* **About this task**: Leave out the images and set down the records below exactly.

(Items listed in a dataset)
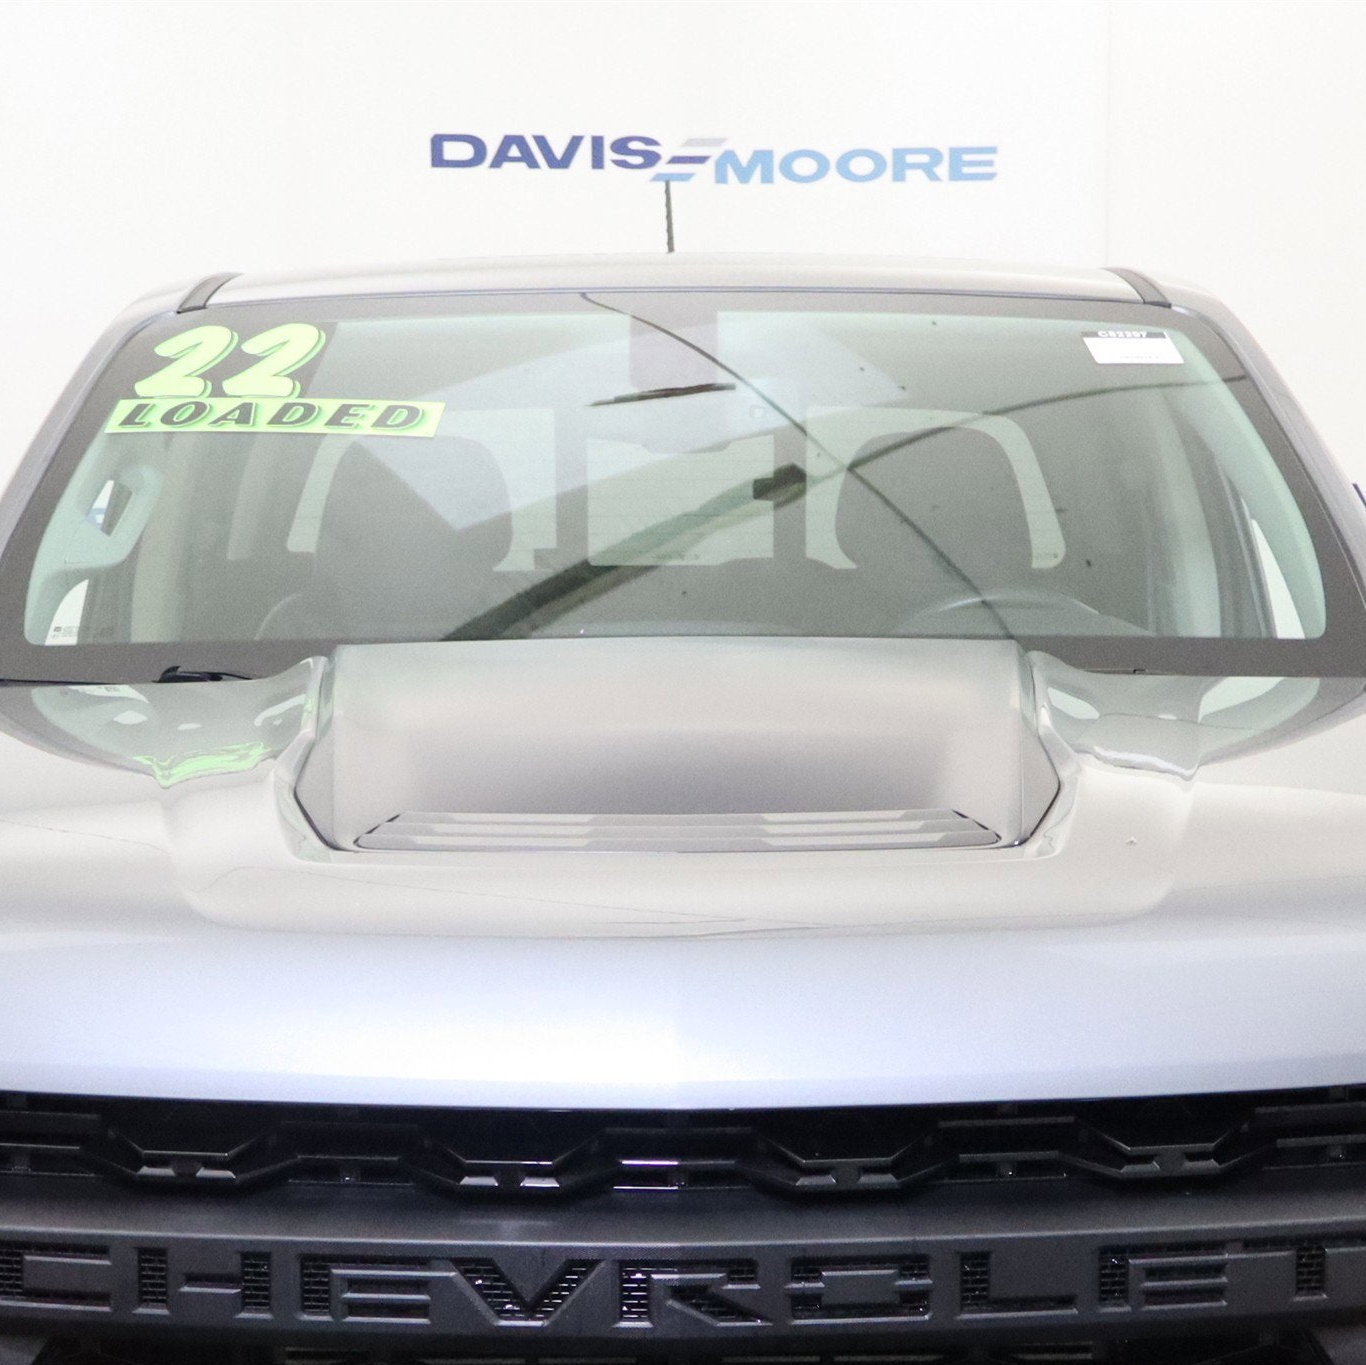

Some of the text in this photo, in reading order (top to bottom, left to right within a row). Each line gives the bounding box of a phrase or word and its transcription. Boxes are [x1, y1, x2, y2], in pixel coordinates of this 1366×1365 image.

[430, 133, 998, 184] DAVIS MOORE
[135, 322, 326, 398] 22
[118, 400, 425, 430] LOADED
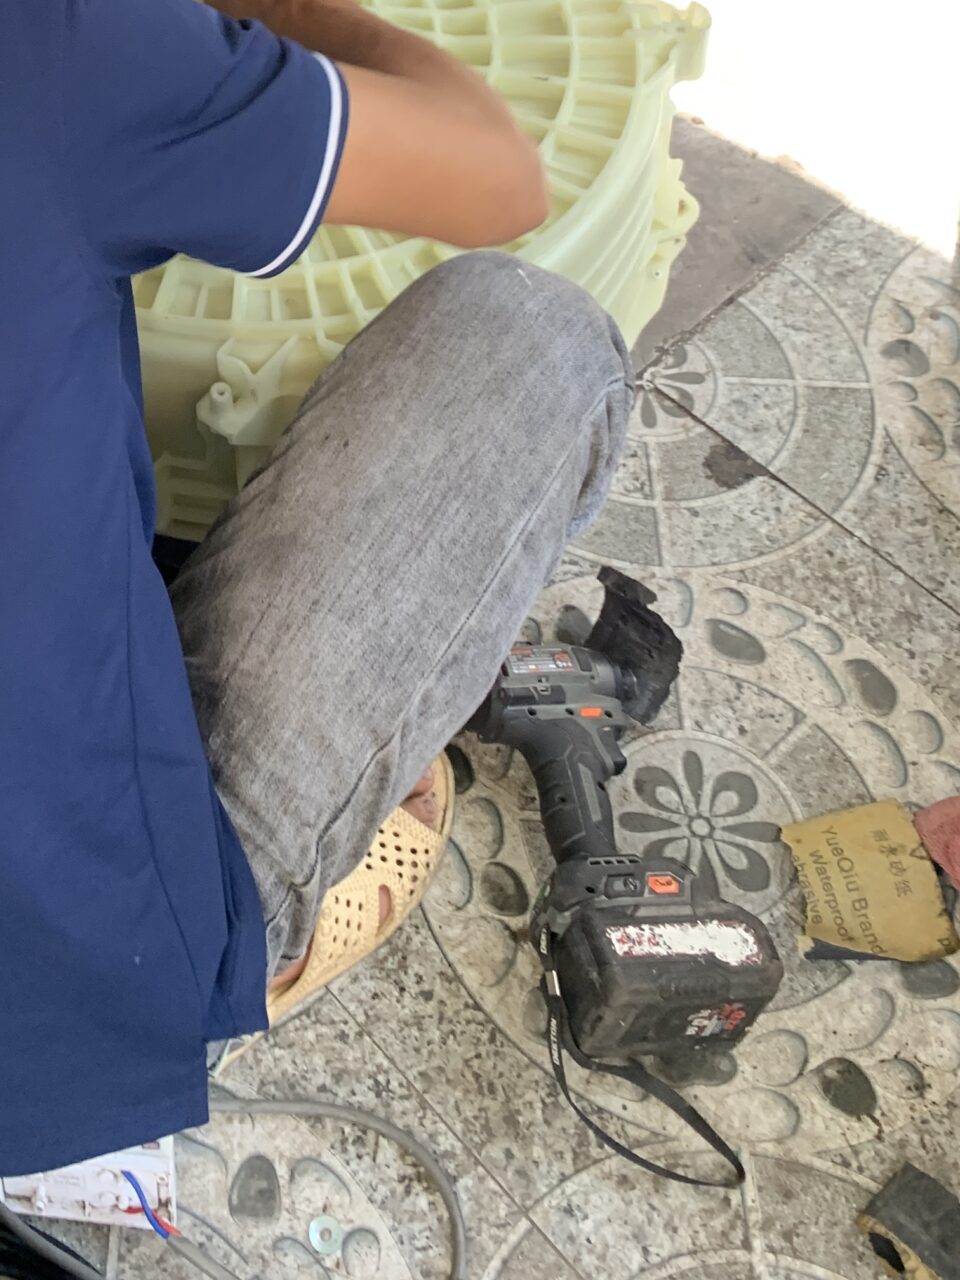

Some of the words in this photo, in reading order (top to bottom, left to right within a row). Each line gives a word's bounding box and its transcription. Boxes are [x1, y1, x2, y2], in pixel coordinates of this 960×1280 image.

[808, 849, 856, 942] Waterproof
[820, 825, 860, 893] YueQiu
[851, 896, 889, 954] Brand
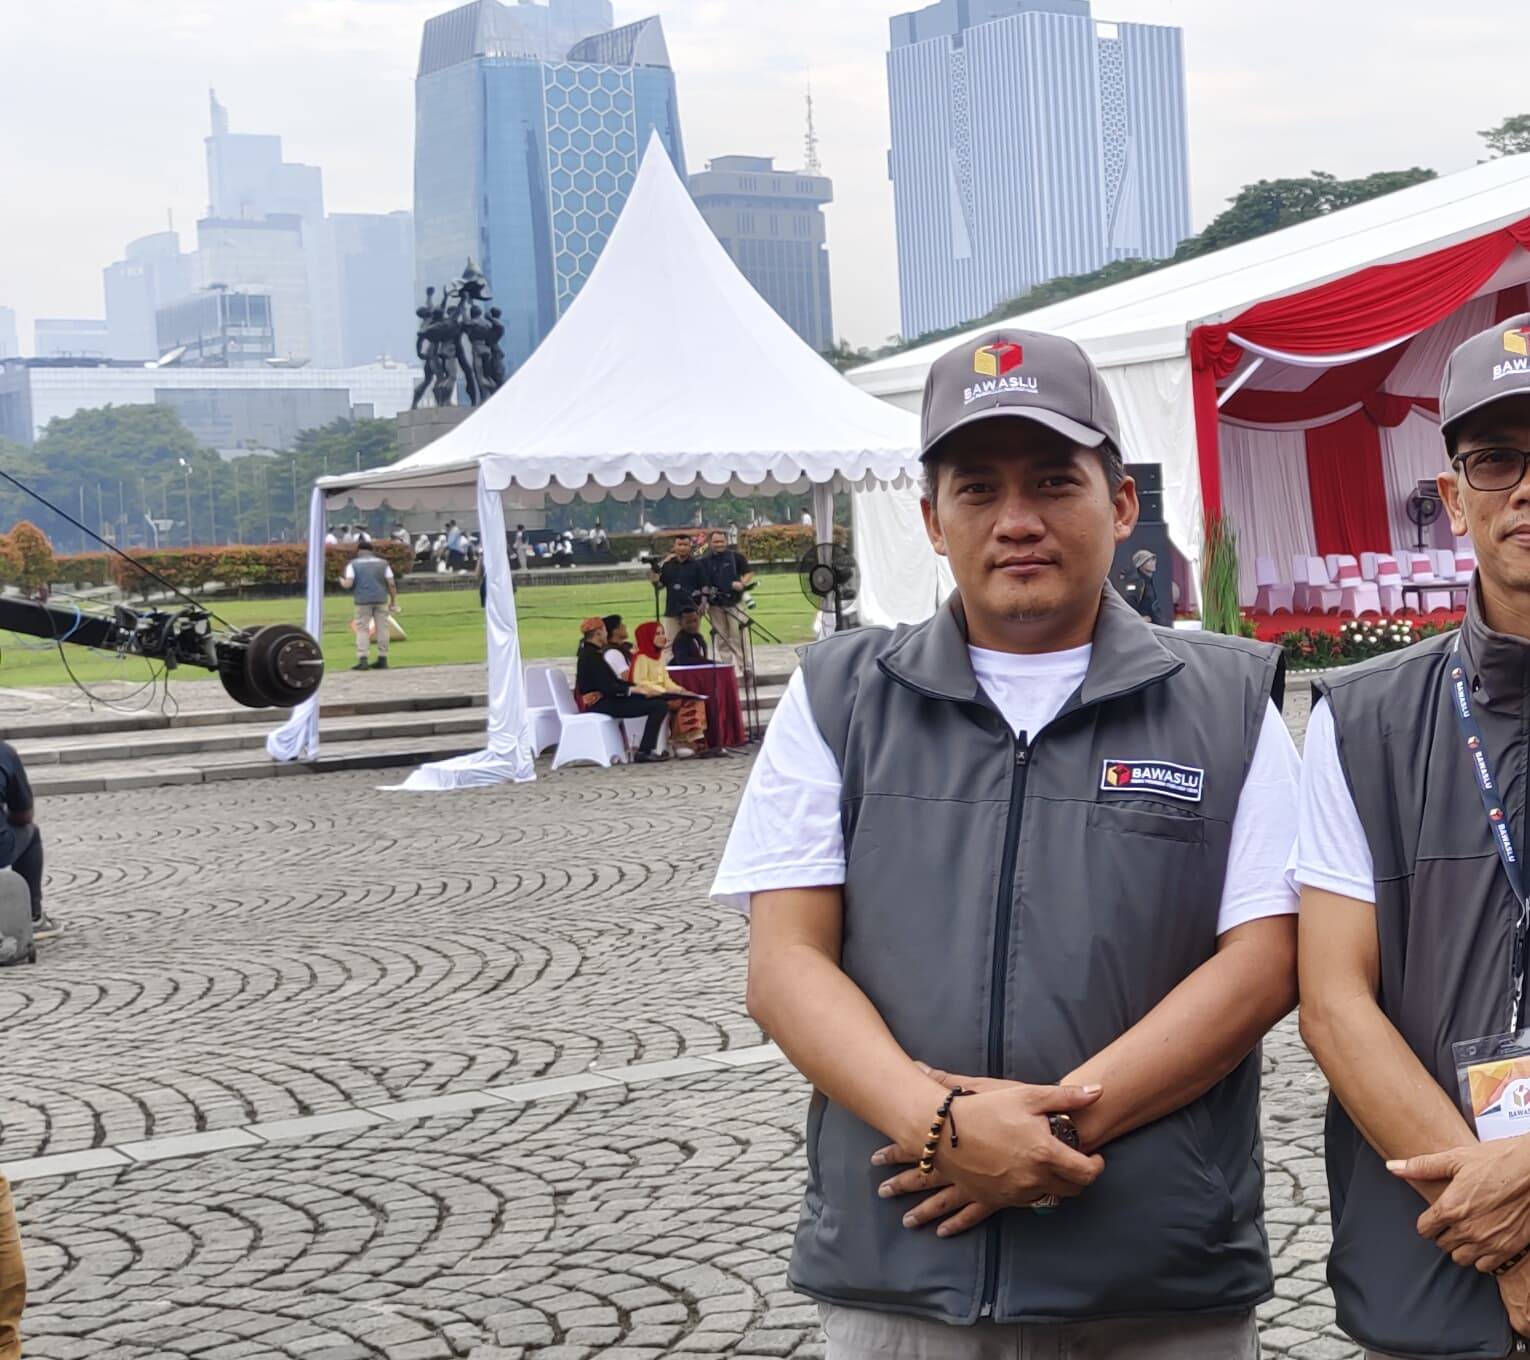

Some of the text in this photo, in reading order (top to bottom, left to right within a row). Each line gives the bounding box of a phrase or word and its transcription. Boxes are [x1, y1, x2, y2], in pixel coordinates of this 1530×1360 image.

[963, 376, 1037, 400] BAWASLU
[1132, 767, 1199, 788] BAWASLU
[1475, 751, 1493, 790] BAWASLU
[1498, 823, 1517, 863] BAWASLU

* **Result for this exercise**:
Some of the text in this photo, in reading order (top to bottom, left to right within a row). Each line gives the bounding box of a phrase or word and its transcription. Boxes are [x1, y1, x2, y2], in pixel coordinates of this 1366×1365 image.

[430, 133, 998, 184] DAVIS MOORE
[135, 322, 326, 398] 22
[118, 400, 425, 430] LOADED

Some of the words in this photo, in reading order (top to bottom, left to right within a row). Each line gives a word's bounding box and its transcription. Boxes are [x1, y1, x2, y2], in pixel coordinates of this 960×1280 image.

[808, 849, 856, 942] Waterproof
[820, 825, 860, 893] YueQiu
[851, 896, 889, 954] Brand

Some of the text in this photo, in reading order (top to bottom, left to right within a row). Each line gives the bounding box of a phrase or word and its transcription. Boxes are [x1, y1, x2, y2], in pixel coordinates of this 1530×1360 image.

[963, 376, 1037, 400] BAWASLU
[1132, 767, 1199, 788] BAWASLU
[1475, 751, 1493, 790] BAWASLU
[1498, 823, 1517, 863] BAWASLU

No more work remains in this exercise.